An exact, picture-free copy of the listing is required.

Extracted material START

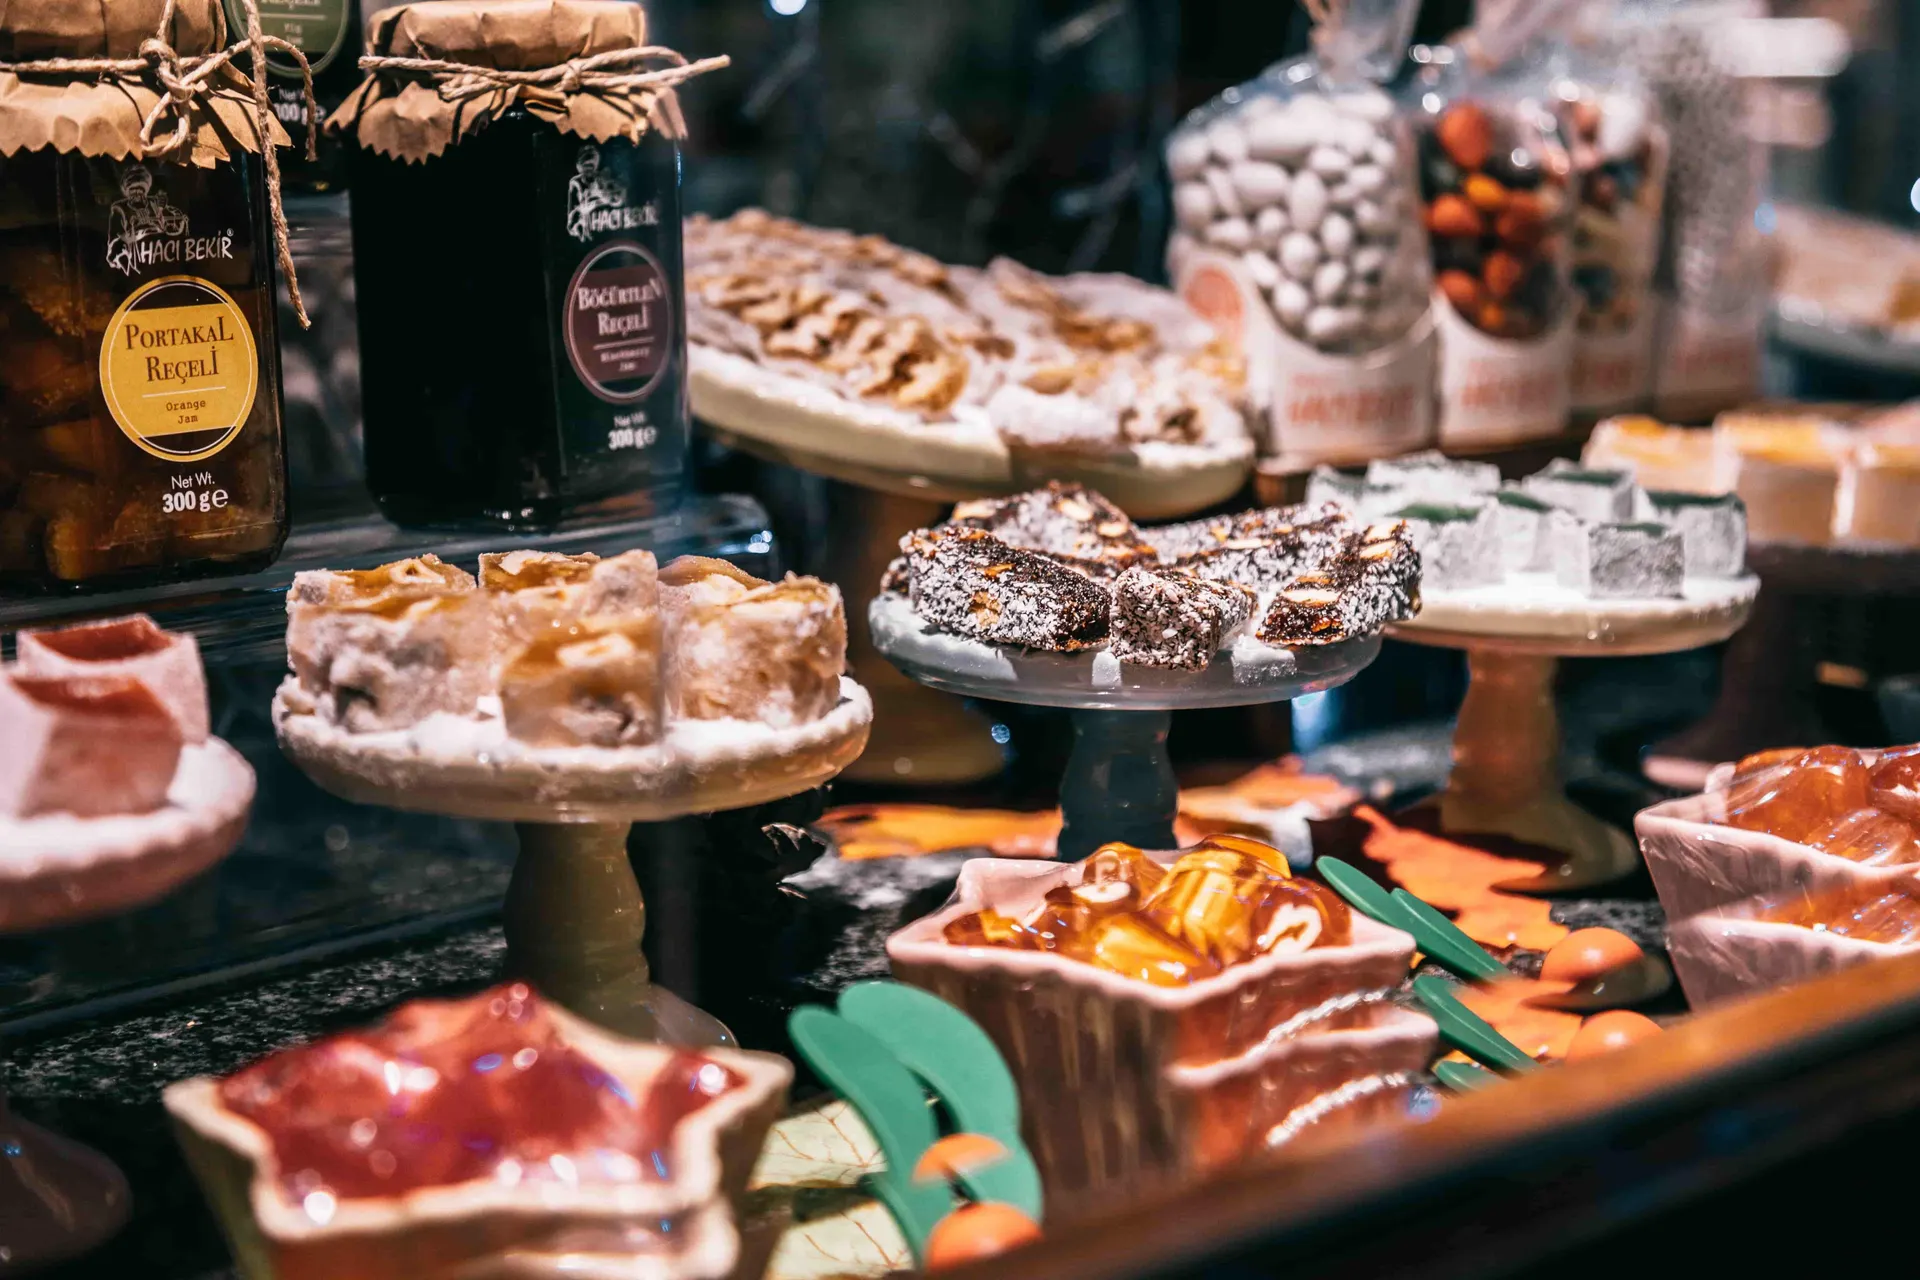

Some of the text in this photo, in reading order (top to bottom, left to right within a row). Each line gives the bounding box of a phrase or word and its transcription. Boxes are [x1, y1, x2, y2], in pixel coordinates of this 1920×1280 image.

[591, 208, 620, 231] HACI
[140, 230, 233, 265] HACI BEKİR
[124, 315, 234, 350] PORTAKAL
[145, 345, 219, 385] REÇELİ
[165, 400, 206, 412] Orange
[177, 415, 198, 425] Jam
[607, 428, 634, 451] 300
[171, 471, 216, 490] Net Wt.
[162, 490, 197, 513] 300
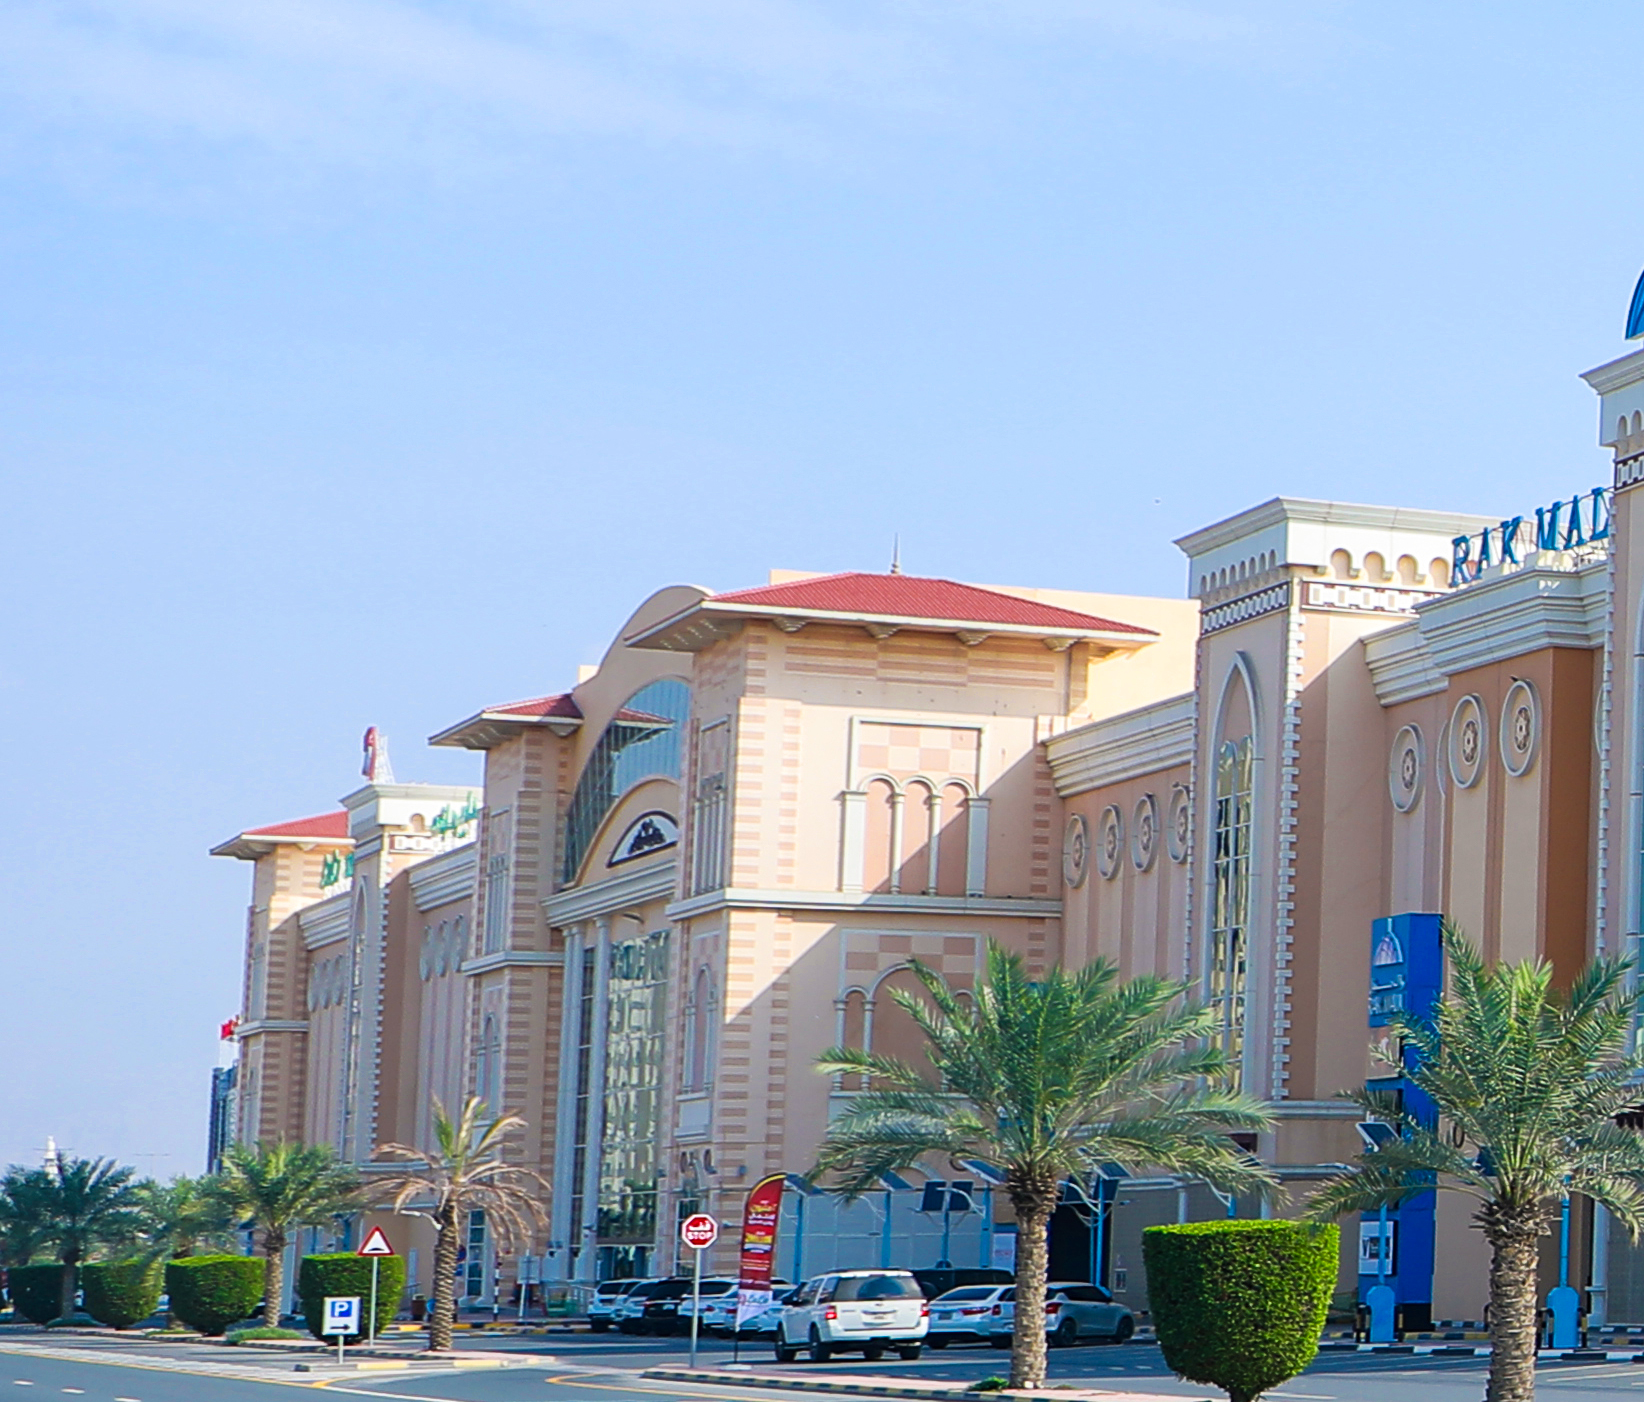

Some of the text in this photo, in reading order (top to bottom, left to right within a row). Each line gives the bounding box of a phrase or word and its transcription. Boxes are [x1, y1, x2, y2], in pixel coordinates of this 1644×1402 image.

[1449, 515, 1526, 588] RAK
[687, 1220, 713, 1232] قف
[686, 1231, 713, 1241] STOP
[334, 1301, 349, 1317] P
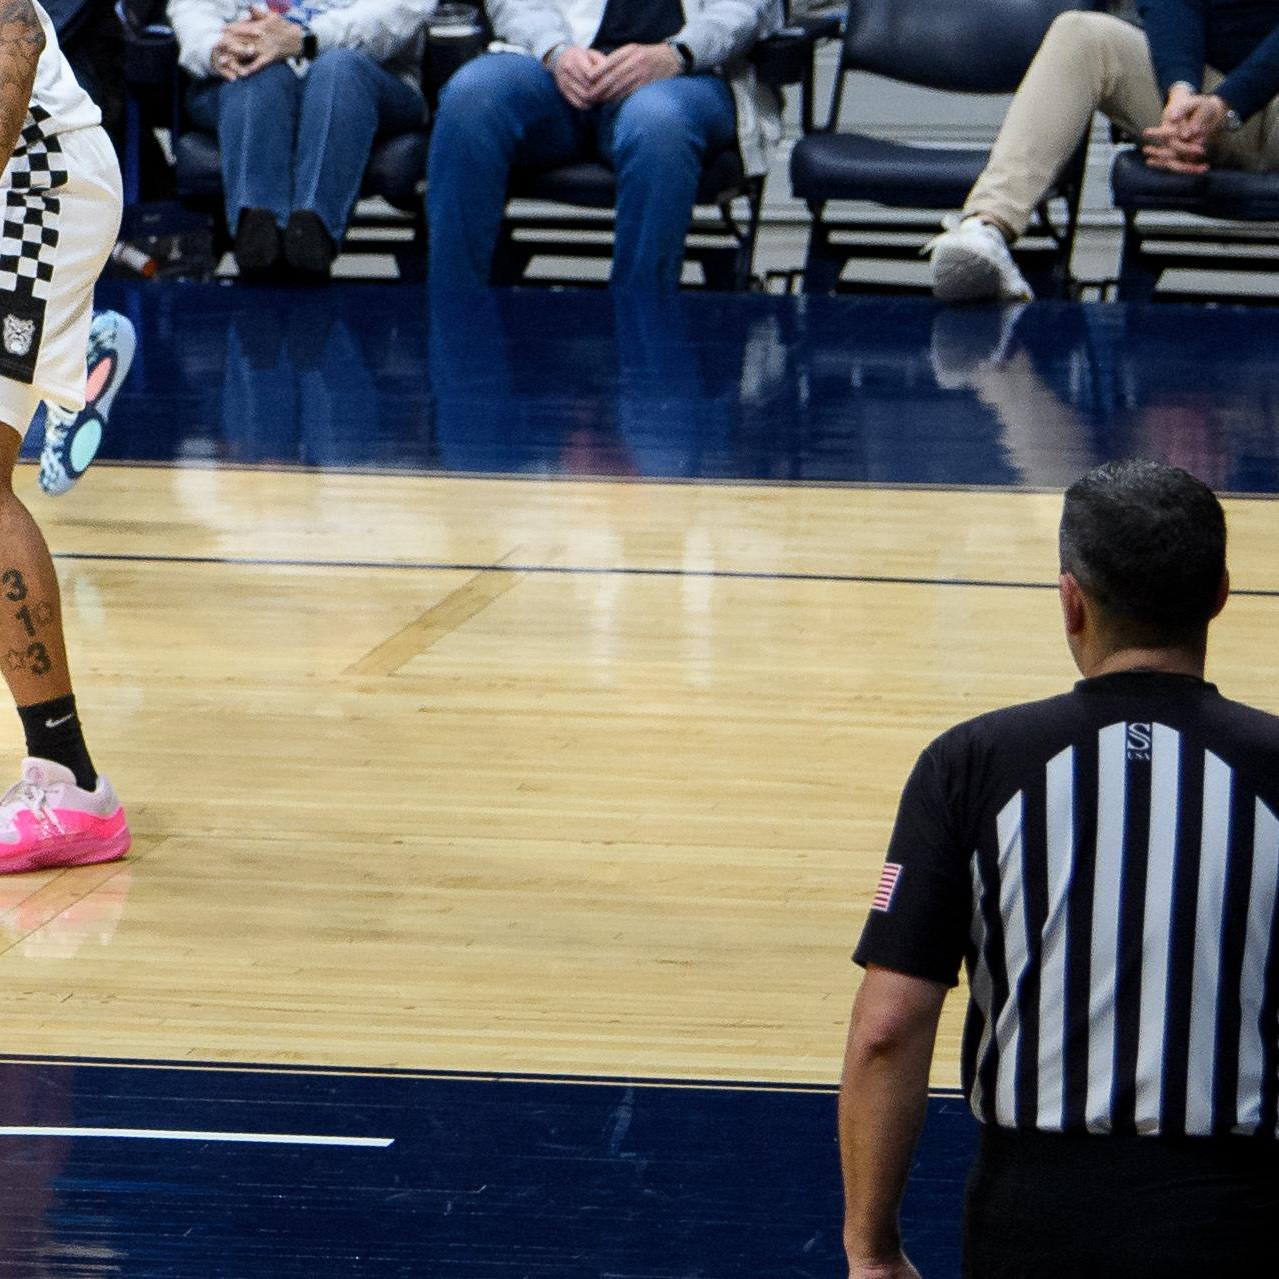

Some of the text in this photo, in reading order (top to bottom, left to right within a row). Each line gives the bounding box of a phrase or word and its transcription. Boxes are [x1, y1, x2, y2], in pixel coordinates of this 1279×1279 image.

Extracted material END

**Exercise response**
Some of the text in this photo, in reading order (top to bottom, left to right within a row). Each line gives the bounding box of a phrase or word and its transcription. Boxes are [x1, y1, x2, y2], in pixel coordinates of this 1920×1280 image.

[591, 208, 620, 231] HACI
[140, 230, 233, 265] HACI BEKİR
[124, 315, 234, 350] PORTAKAL
[145, 345, 219, 385] REÇELİ
[165, 400, 206, 412] Orange
[177, 415, 198, 425] Jam
[607, 428, 634, 451] 300
[171, 471, 216, 490] Net Wt.
[162, 490, 197, 513] 300

Some of the text in this photo, in reading order (top to bottom, left to right within a row). Each line gives the bounding box of a phrase or word and its transcription. Boxes are [x1, y1, x2, y2], in pixel coordinates of this 1644×1402 image.

[1449, 515, 1526, 588] RAK
[687, 1220, 713, 1232] قف
[686, 1231, 713, 1241] STOP
[334, 1301, 349, 1317] P

Some of the text in this photo, in reading order (top to bottom, left to right within a row). Each line gives the bounding box of a phrase or word and its transcription. Boxes are [x1, y1, x2, y2], in pixel coordinates of this 1279×1279 image.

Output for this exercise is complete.